The rate constant of a reaction at 500 K and 700 K are 0.02 s$^{-1}$ and 0.2 s$^{-1}$ respectively. The activation energy of the reaction (in kJ mol$^{-1}$) is ($R = 8.3 \, \text{J K}^{-1} \text{mol}^{-1}$)

• A. 66.90
• B. 33.45
• C. 22.30
• D. 44.45

Hint:

The Arrhenius equation helps calculate activation energy using rate constants at two different temperatures.

Answer 1

The Correct Option is B

Using the Arrhenius equation: \(\ln\left(\frac{k_2}{k_1}\right) = \frac{E_a}{R} \left(\frac{1}{T_1} - \frac{1}{T_2}\right)\), where \(k_1 = 0.02 \, \text{s}^{-1}\) at \(T_1 = 500 \, \text{K}\), \(k_2 = 0.2 \, \text{s}^{-1}\) at \(T_2 = 700 \, \text{K}\), and \(R = 0.0083 \, \text{kJ K}^{-1} \text{mol}^{-1}\).
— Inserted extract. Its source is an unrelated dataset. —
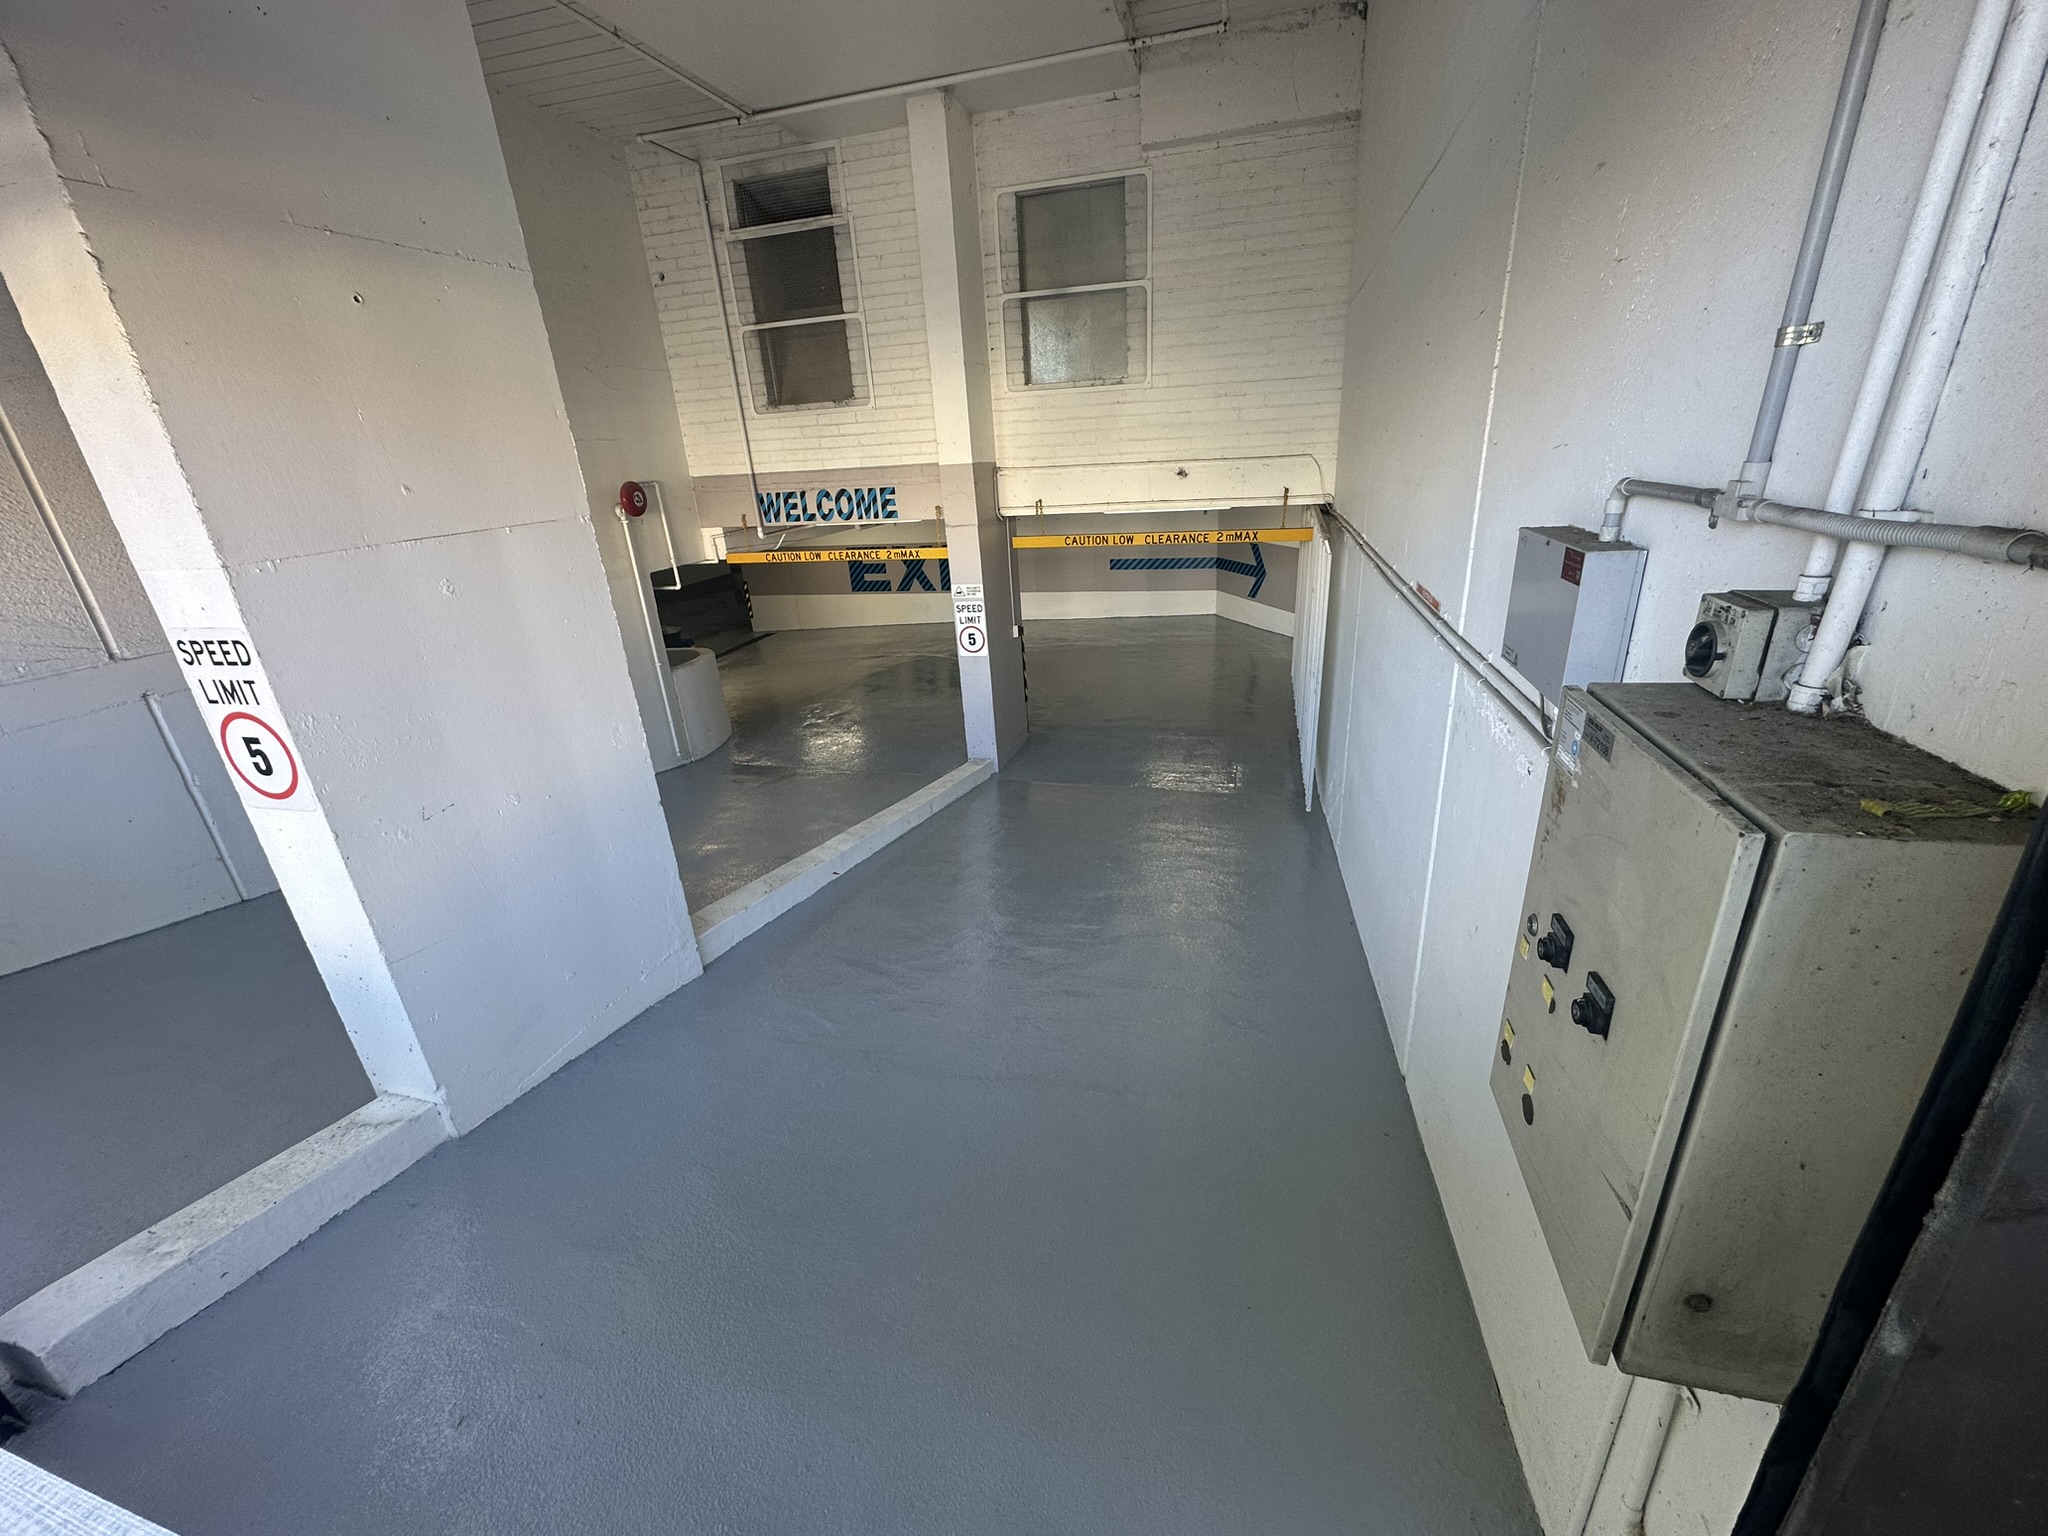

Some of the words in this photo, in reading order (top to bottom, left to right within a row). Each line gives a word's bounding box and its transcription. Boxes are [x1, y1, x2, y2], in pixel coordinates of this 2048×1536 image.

First, calculate: \[ \ln\left(\frac{0.2}{0.02}\right) = \ln(10) \approx 2.303 \] \[ \frac{1}{T_1} - \frac{1}{T_2} = \frac{1}{500} - \frac{1}{700} = \frac{1}{1750} \] Substitute: \[ 2.303 = \frac{E_a}{0.0083} \times \frac{1}{1750} \] \[ E_a = 2.303 \times 1750 \times 0.0083 \approx 33.45 \, \text{kJ mol}^{-1} \] This matches option 2. Thus, the correct answer is 33.45.